He does this regularly.

Simpson has taken this art form and refined it to a knife edge. Five times in this game X bailed Michigan out of a possession that was going nowhere. Michigan twitter, incensed by the Bruno Fernando dunk tracker, pounded the table for a Hook Tracker, and CBS complied. One tracker is about a genetic lottery winner's physical dominance. The other is about a short guy's sheer cussedness.

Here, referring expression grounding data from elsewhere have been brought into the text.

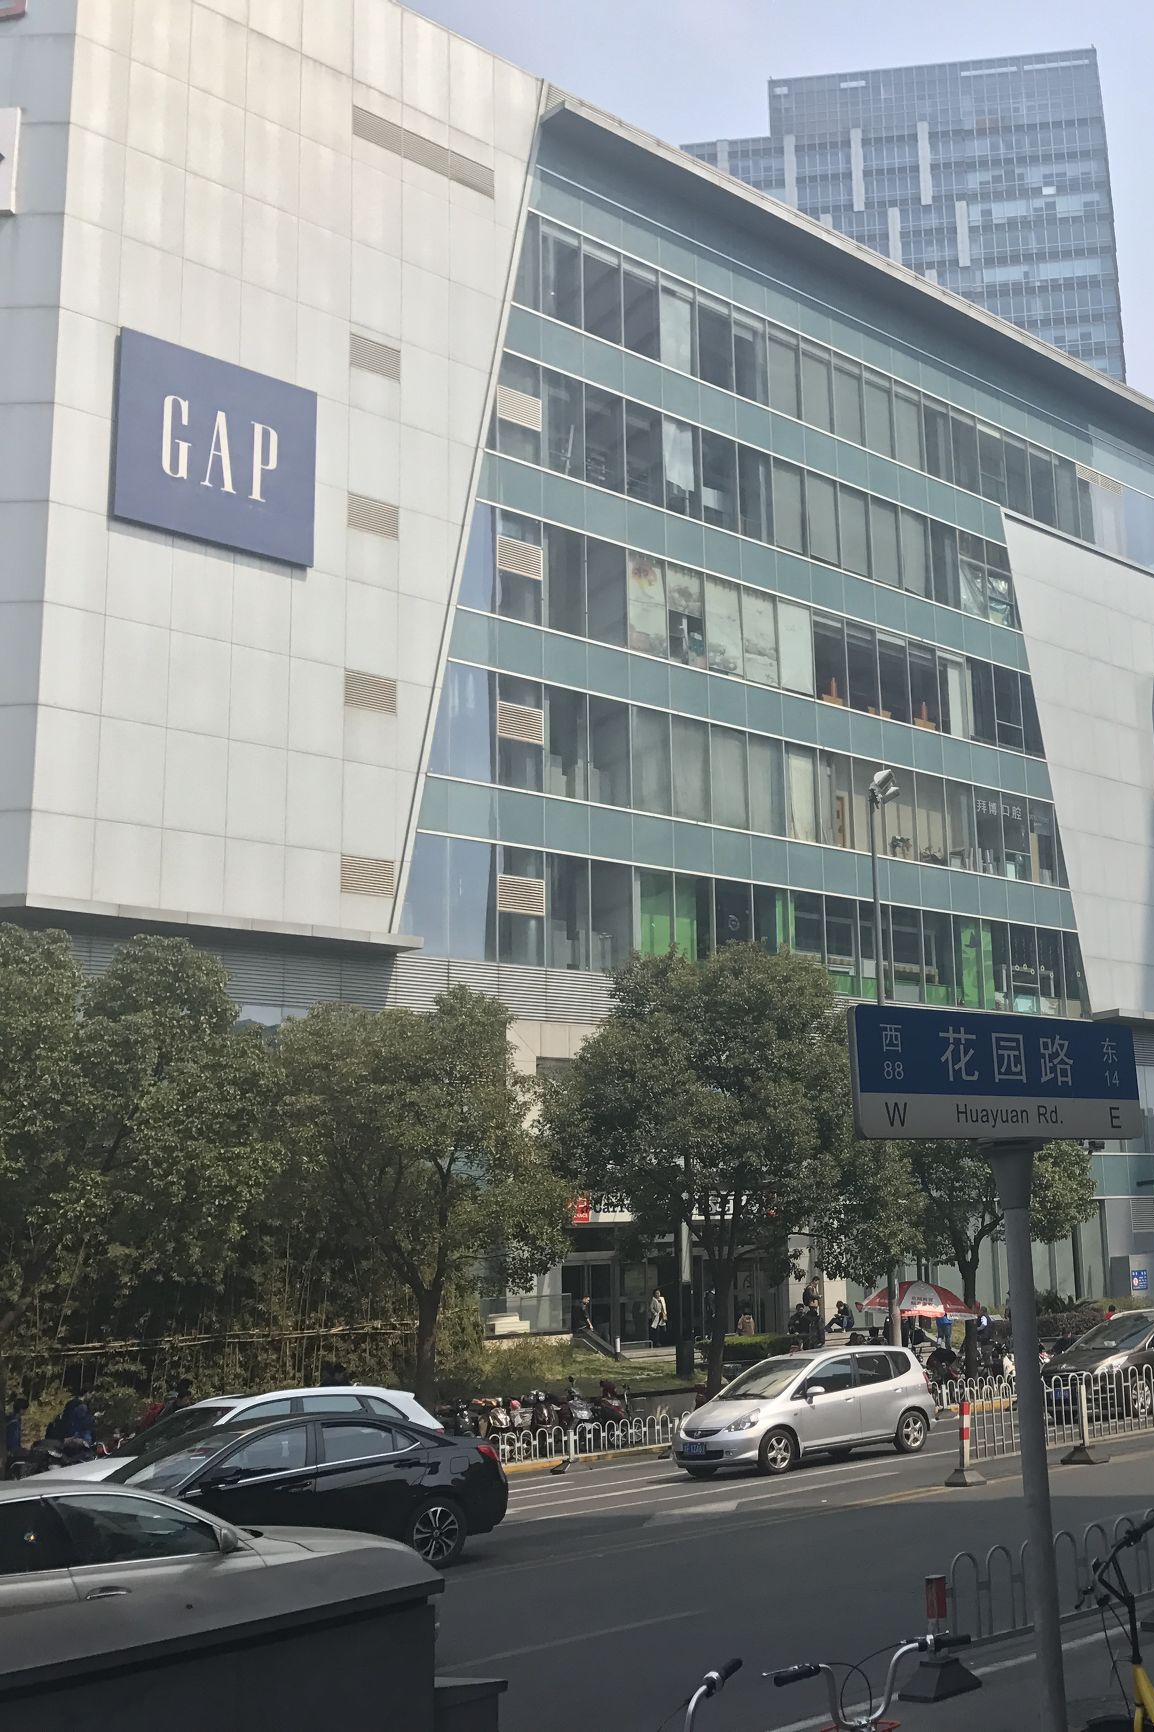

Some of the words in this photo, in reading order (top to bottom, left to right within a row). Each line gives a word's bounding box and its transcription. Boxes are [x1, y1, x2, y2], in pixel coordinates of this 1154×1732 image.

[161, 395, 279, 503] GAP
[976, 799, 1022, 820] 拜博口腔
[879, 1023, 902, 1053] 西
[938, 1026, 1074, 1087] 花园路
[1100, 1037, 1118, 1063] 东
[883, 1060, 904, 1080] 88
[1104, 1070, 1120, 1088] 14
[884, 1101, 908, 1128] W
[956, 1103, 1029, 1128] Huayuan
[1037, 1104, 1064, 1125] Rd.
[1109, 1106, 1122, 1129] E

The Youth will understand old basketball players and geometry. They will be able to trace out parabolic curves from angles diverse. They will have big moods.

At basketball camps across the state 5'6" middle-schoolers will be flinging up shots from behind their ear. Thirty years from now the play by play guy will reference Zavier Simpson when a point guard re-invents the hook out of desperation.

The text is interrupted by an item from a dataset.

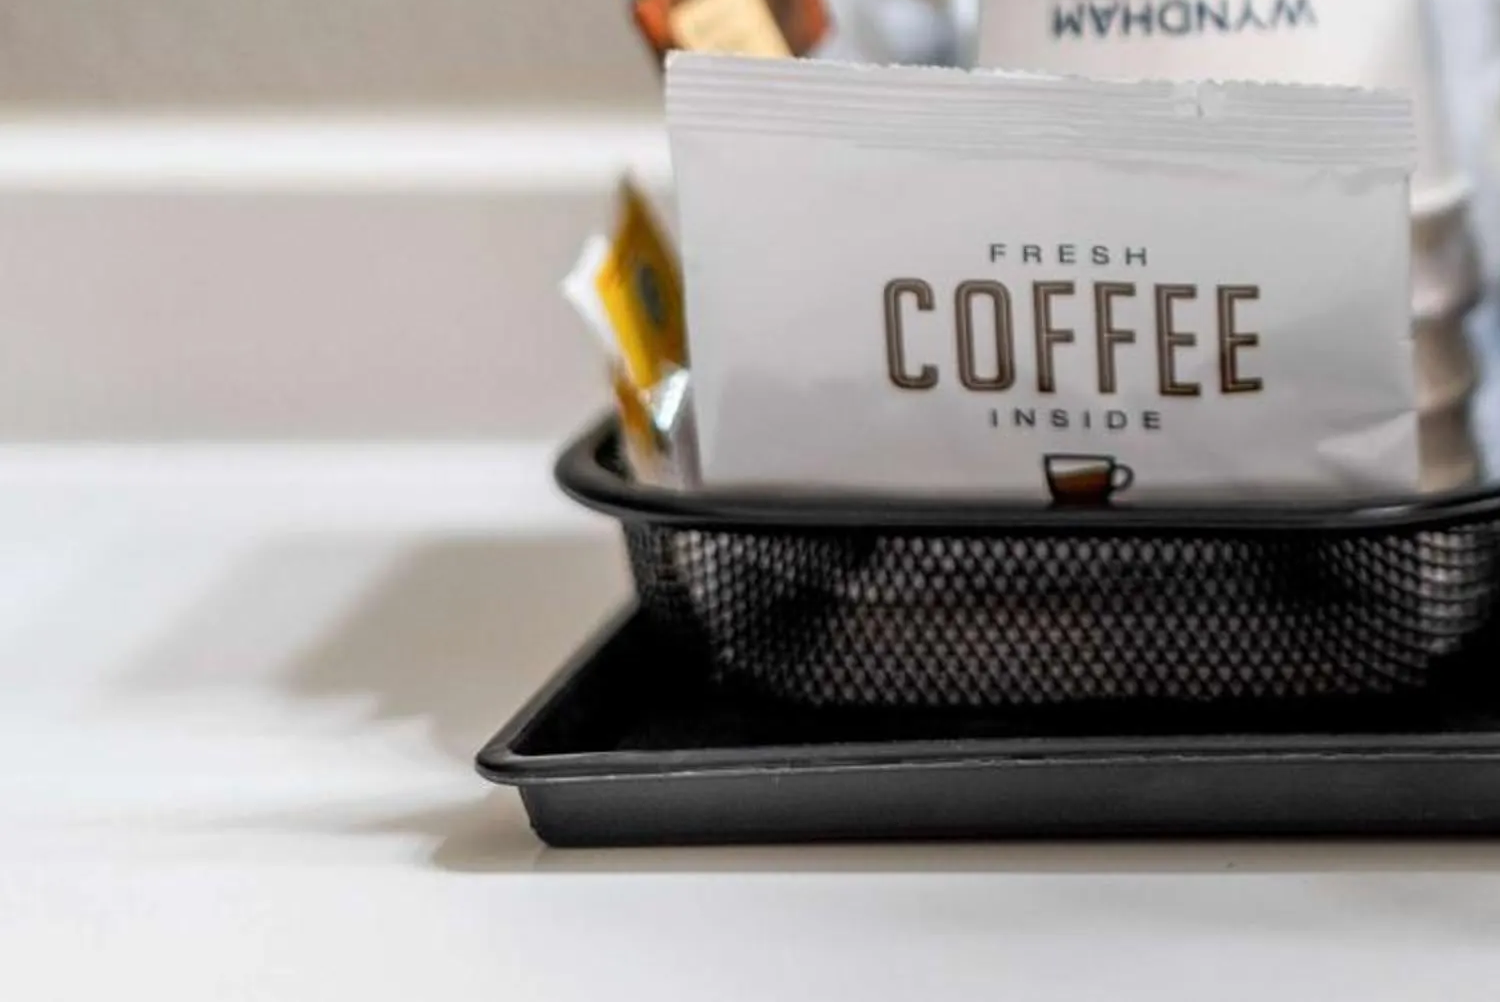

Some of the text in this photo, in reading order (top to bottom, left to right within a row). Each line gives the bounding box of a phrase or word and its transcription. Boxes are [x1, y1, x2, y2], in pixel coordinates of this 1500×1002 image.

In certain contexts even your author qualifies as Youth. I grew up in an era where the "true point guard" was rhapsodized but rapidly approaching extinction. The shooting guard shot. The point guard was a little guy who ran around gluing parts of the team together. He didn't really shoot; he didn't have to. This was already a rapidly dying concept in the era of the Bad Boys, let alone the Billups-era Pistons or Burke-era Michigan teams. These days, forget it: it's Steph Curry's world.

So I thought all that reminiscing about the real PG was your typical Old Man Yells At Sport stuff. I still do, mostly. Shooting is a good skill to have in the game where all your points come on shots.

But now I get it. The Youth will understand that is magnificent when the guy with seven shots dominates the game. Simpson made or assisted on all but one of Michigan's first-half makes. The decisive three-possession sequence for Michigan was Zavier Simpson with the game on a string. First he finds Teske on a pick and pop; then he takes advantage of Maryland overplaying Teske for a layup; then he takes advantage of Maryland playing both those things and finds a cutting Brazdeikis for a layup. Bang, bang, bang. Surgery.

Maryland was scoring on the other end. The Human Element Center was packed to the gills and screaming, and Zavier Simpson dissected the opposition without batting an eye. The Youth of College Park understand all too well this morning.

[After THE JUMP: Pruno Fernando. As in he's pruned, not that his fingers are wrinkly. nvm I'll start again.]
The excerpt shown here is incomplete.